An image-free, verbatim transcription of the records is the expected result.

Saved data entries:
Start of Block

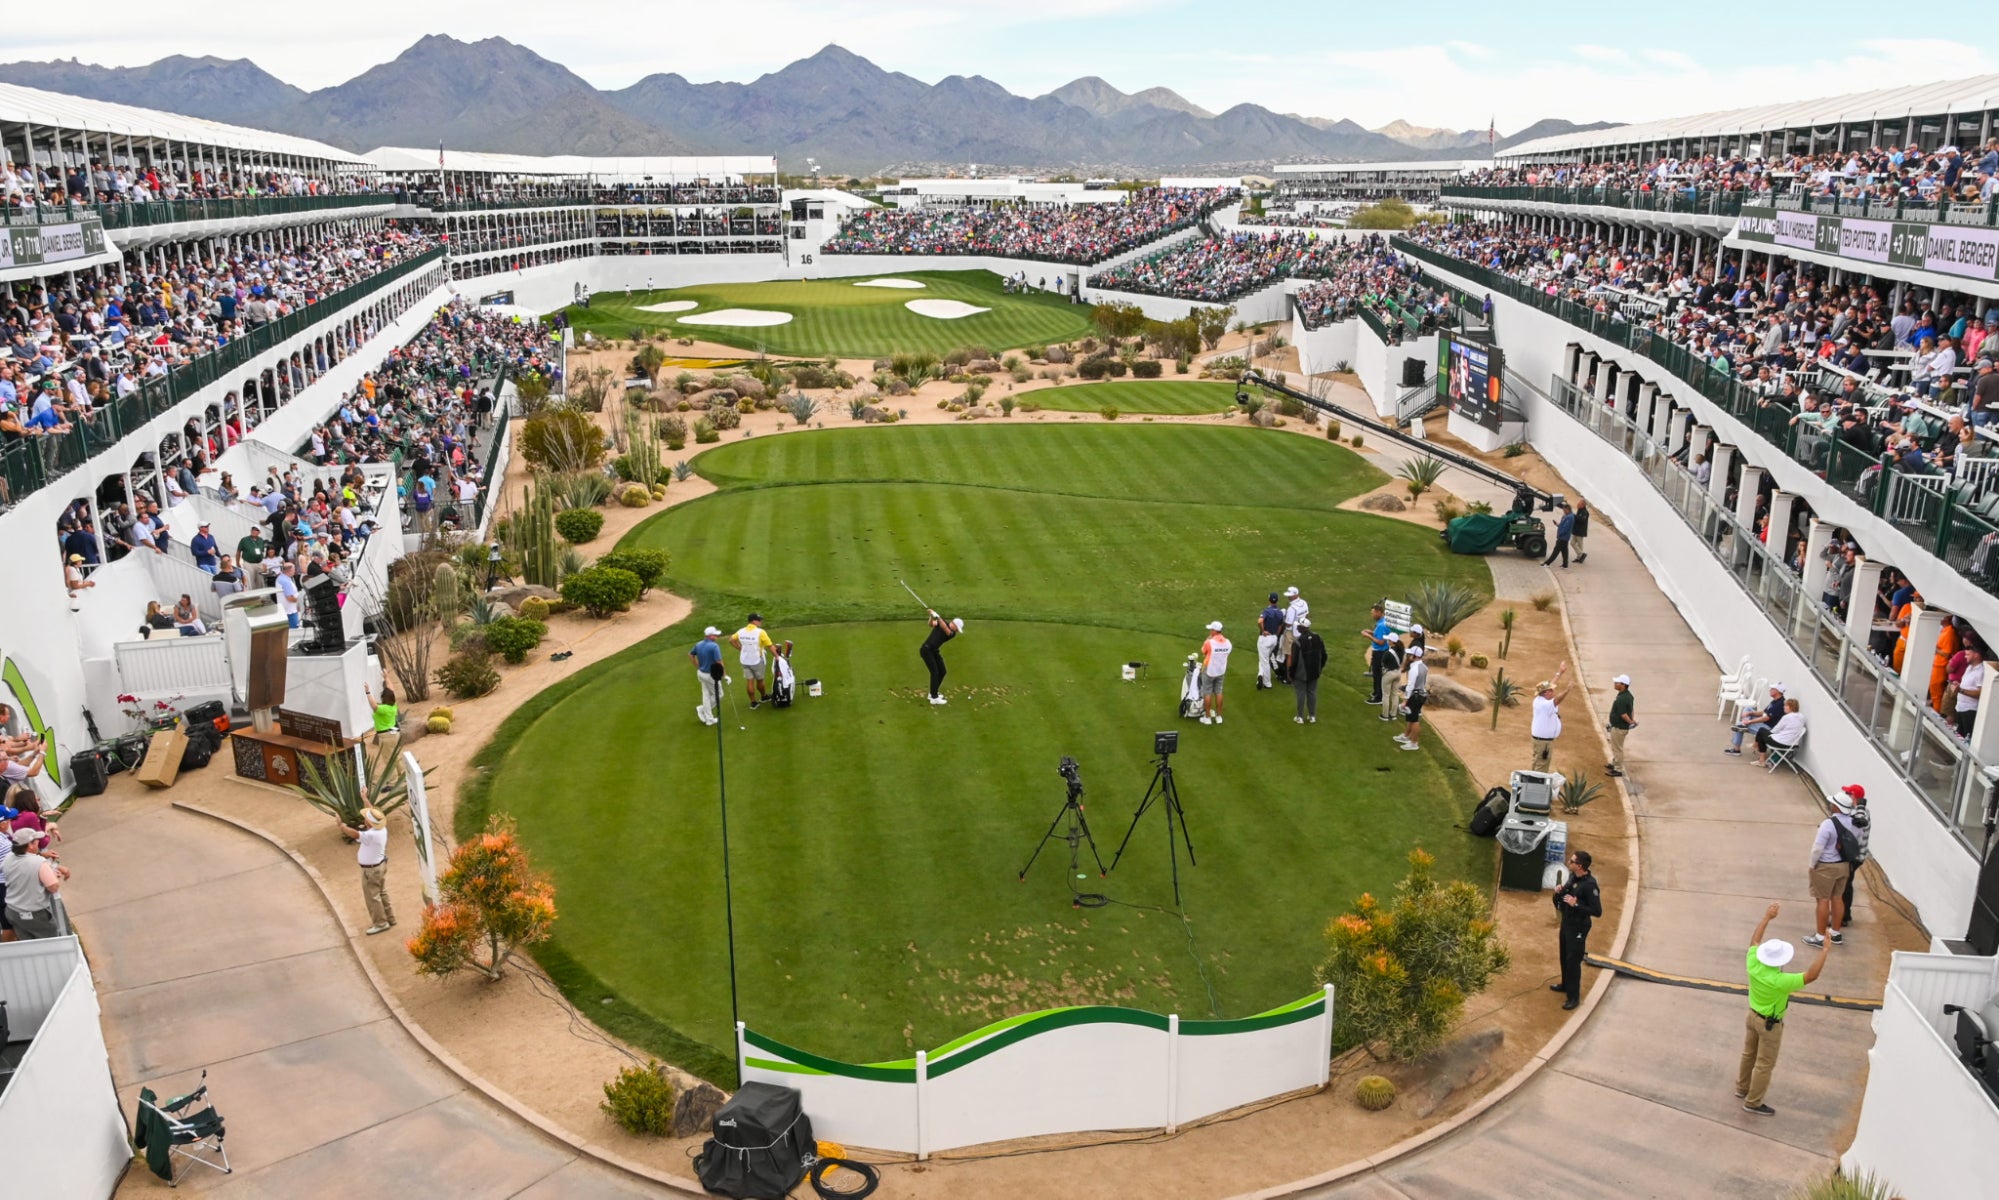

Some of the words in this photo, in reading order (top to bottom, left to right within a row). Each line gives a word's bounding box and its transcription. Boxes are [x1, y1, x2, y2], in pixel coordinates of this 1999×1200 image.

[14, 236, 24, 256] +3
[42, 235, 62, 254] DANIEL
[62, 230, 83, 251] BERGER
[85, 229, 92, 246] -1
[1751, 217, 1776, 235] PLAYING
[1775, 219, 1792, 236] BILLY
[1792, 221, 1815, 242] HORSCHEL
[1818, 225, 1825, 243] -3
[1827, 226, 1839, 245] T14
[1842, 228, 1853, 247] TED
[1852, 229, 1877, 255] POTTER,
[1878, 232, 1888, 252] JR.
[1893, 234, 1904, 254] +3
[1906, 234, 1925, 257] T118
[1928, 237, 1956, 262] DANIEL
[1959, 240, 1995, 267] BERGER
[801, 254, 812, 264] 16
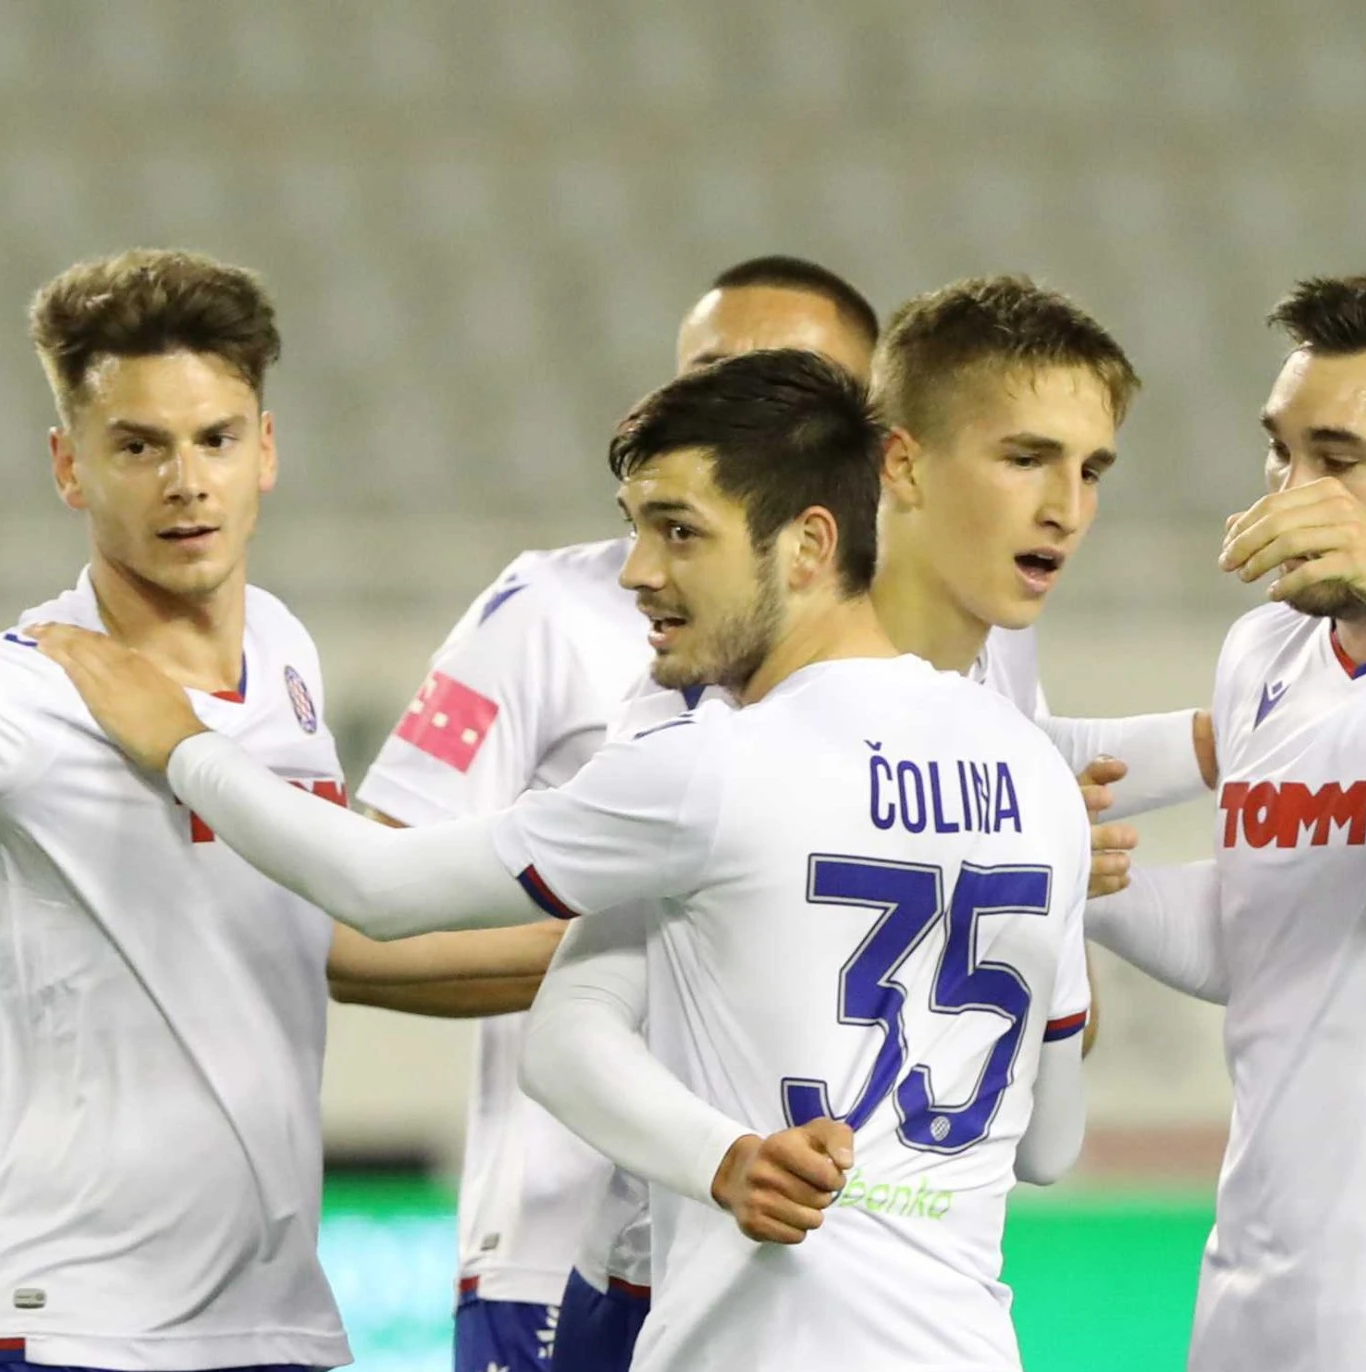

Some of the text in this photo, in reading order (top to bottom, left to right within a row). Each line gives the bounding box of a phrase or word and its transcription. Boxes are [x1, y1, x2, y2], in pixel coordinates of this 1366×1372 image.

[864, 740, 1022, 834] ČOLINA
[781, 853, 1053, 1155] 35
[833, 1168, 952, 1220] banka

End of Block

▶ [Written answer]:
Some of the words in this photo, in reading order (top to bottom, left to right within a row). Each line gives a word's bounding box and its transcription. Boxes are [x1, y1, x2, y2], in pixel coordinates of this 1999×1200 image.

[14, 236, 24, 256] +3
[42, 235, 62, 254] DANIEL
[62, 230, 83, 251] BERGER
[85, 229, 92, 246] -1
[1751, 217, 1776, 235] PLAYING
[1775, 219, 1792, 236] BILLY
[1792, 221, 1815, 242] HORSCHEL
[1818, 225, 1825, 243] -3
[1827, 226, 1839, 245] T14
[1842, 228, 1853, 247] TED
[1852, 229, 1877, 255] POTTER,
[1878, 232, 1888, 252] JR.
[1893, 234, 1904, 254] +3
[1906, 234, 1925, 257] T118
[1928, 237, 1956, 262] DANIEL
[1959, 240, 1995, 267] BERGER
[801, 254, 812, 264] 16

Some of the text in this photo, in reading order (top to bottom, left to right within a row). Each line gives the bounding box of a phrase or word and its transcription. Boxes are [x1, y1, x2, y2], in pixel coordinates of this 1366×1372 image.

[864, 740, 1022, 834] ČOLINA
[781, 853, 1053, 1155] 35
[833, 1168, 952, 1220] banka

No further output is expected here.